The Glacier Range Riders are an independent baseball team of the Pioneer League, an MLB Partner League, who are scheduled to begin play in 2022. They will be located in Kalispell, Montana and play their home games at Flathead Field. 

The Range Riders are named for nearby Glacier National Park, established in 1910. The team chose to reveal their name on January 19 at 10:00 am to commemorate its founding.

History
With the contraction of Minor League Baseball in 2021, the Pioneer League was converted from an MLB-affiliated Rookie Advanced league to an independent baseball league and granted status as an MLB Partner League.

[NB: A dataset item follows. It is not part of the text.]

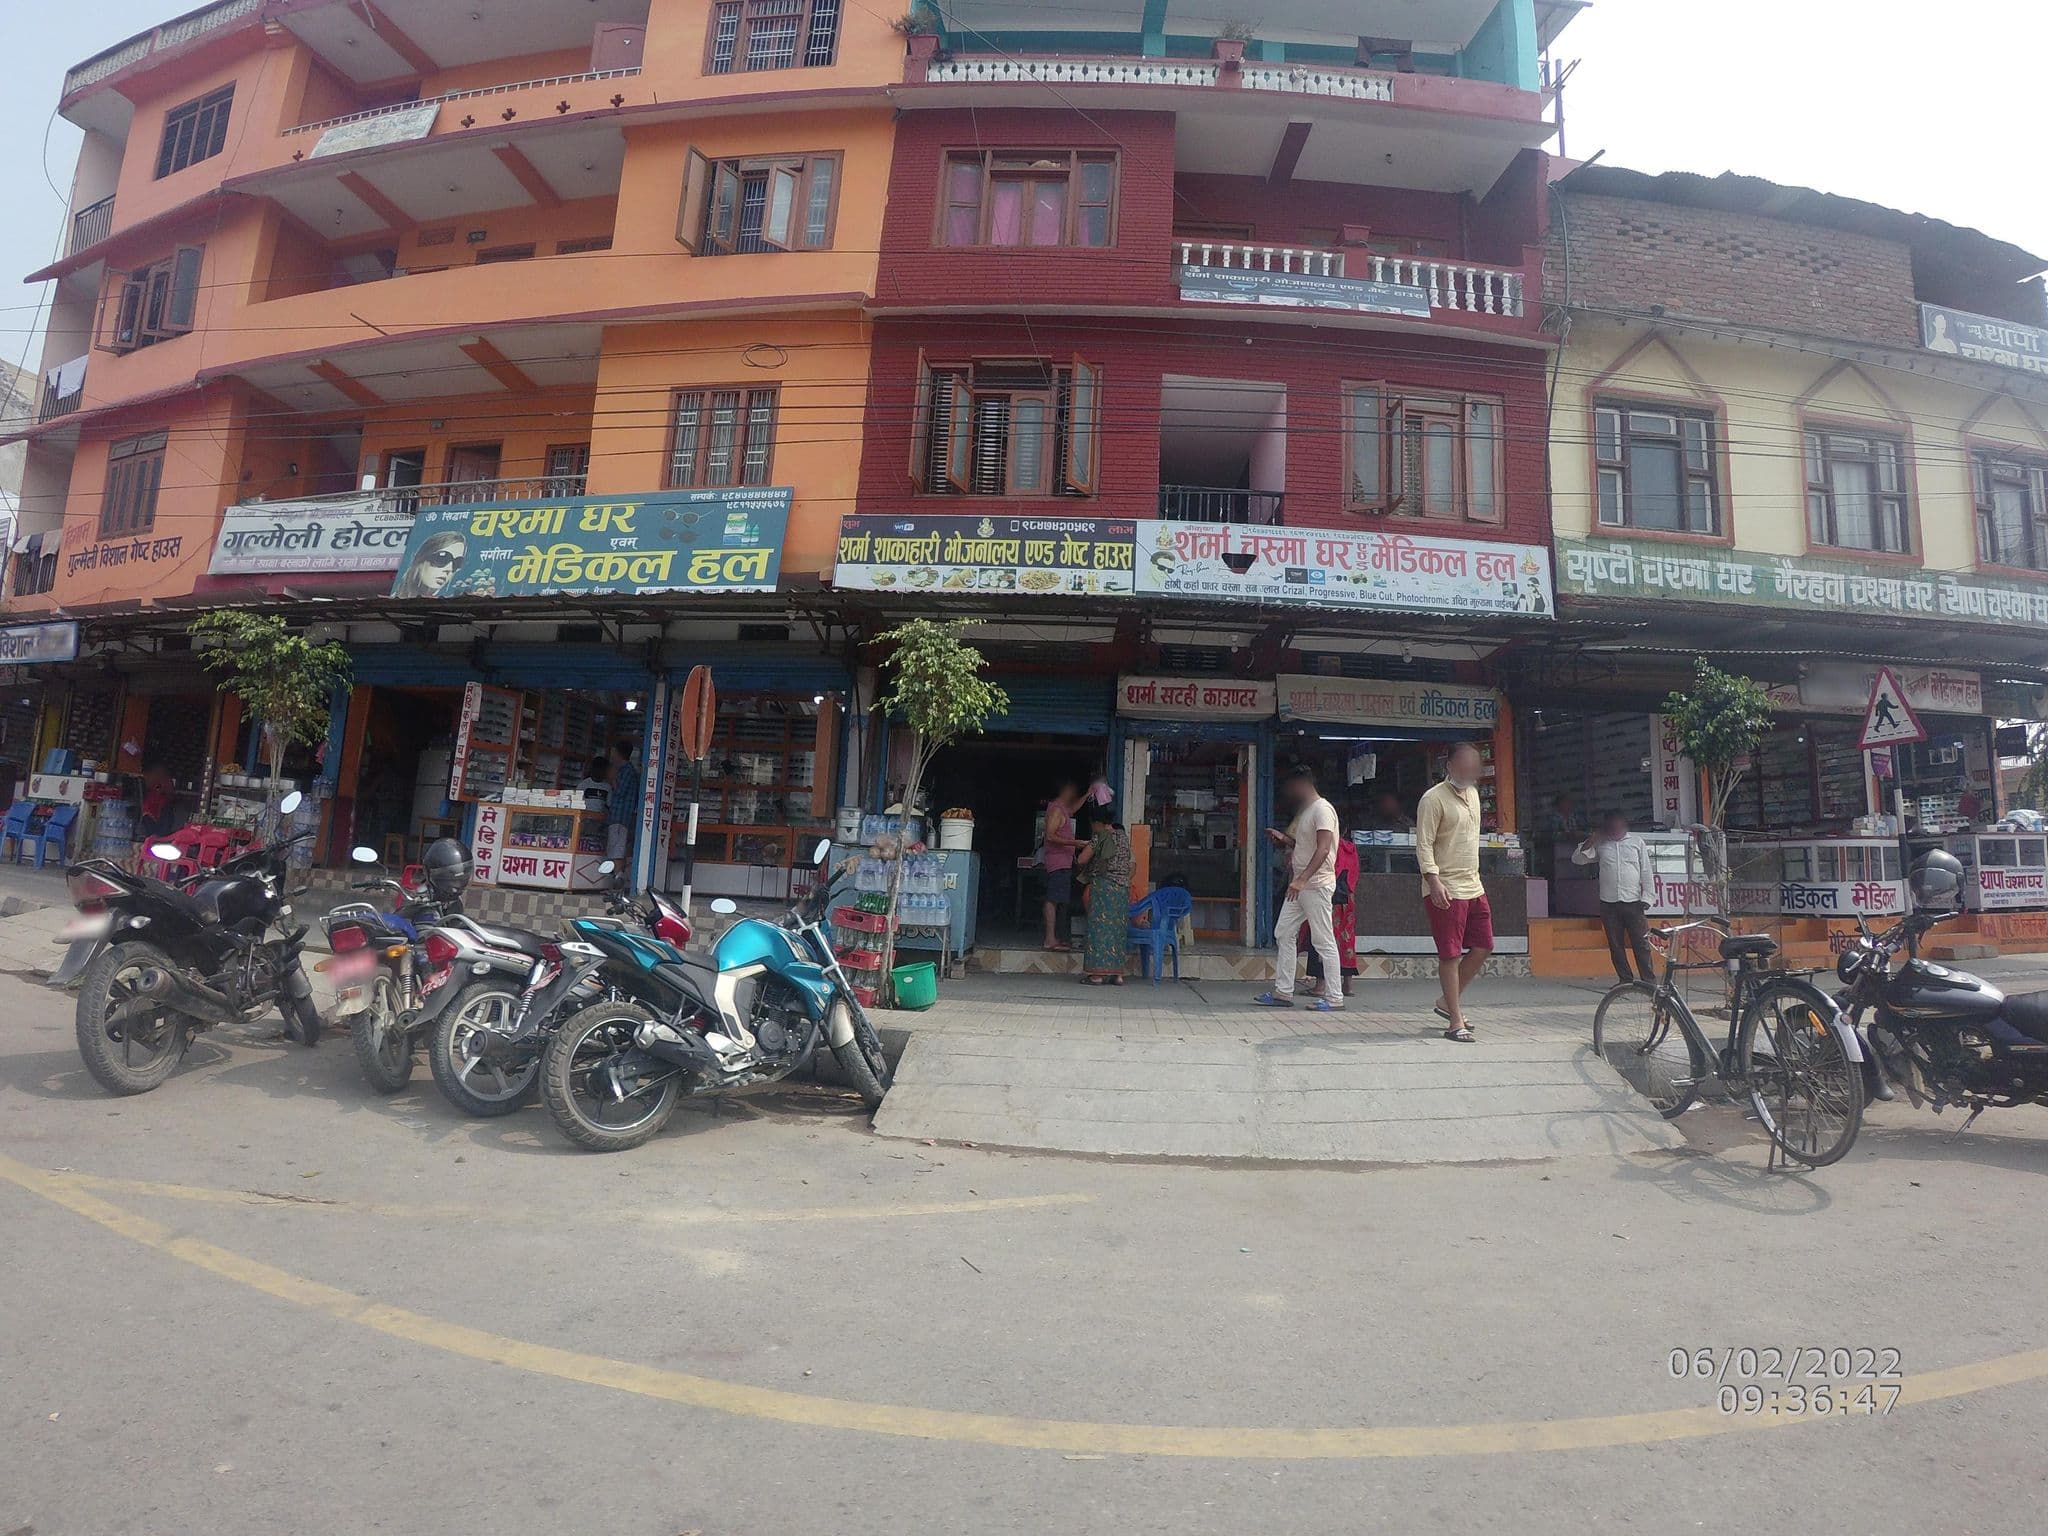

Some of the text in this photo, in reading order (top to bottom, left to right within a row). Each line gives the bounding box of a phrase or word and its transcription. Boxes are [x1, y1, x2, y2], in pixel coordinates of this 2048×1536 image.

With the transition, the Pioneer League added the Boise Hawks, a former member of the Northwest League, for the 2021 season. To keep the league at eight teams, the Northern Colorado Owlz (formerly the Orem Owlz) sat out 2021. With the return of the Owlz for 2022, a tenth team was needed to balance the schedule, and on August 16, 2021, Ridge Run Baseball LLC was awarded an expansion team to begin play in 2022.

The announcement also revealed that a new ballpark would be constructed alongside U.S. Route 93 north of Kalispell. The park, currently known as Flathead Field, will seat 2,500 and feature artificial turf.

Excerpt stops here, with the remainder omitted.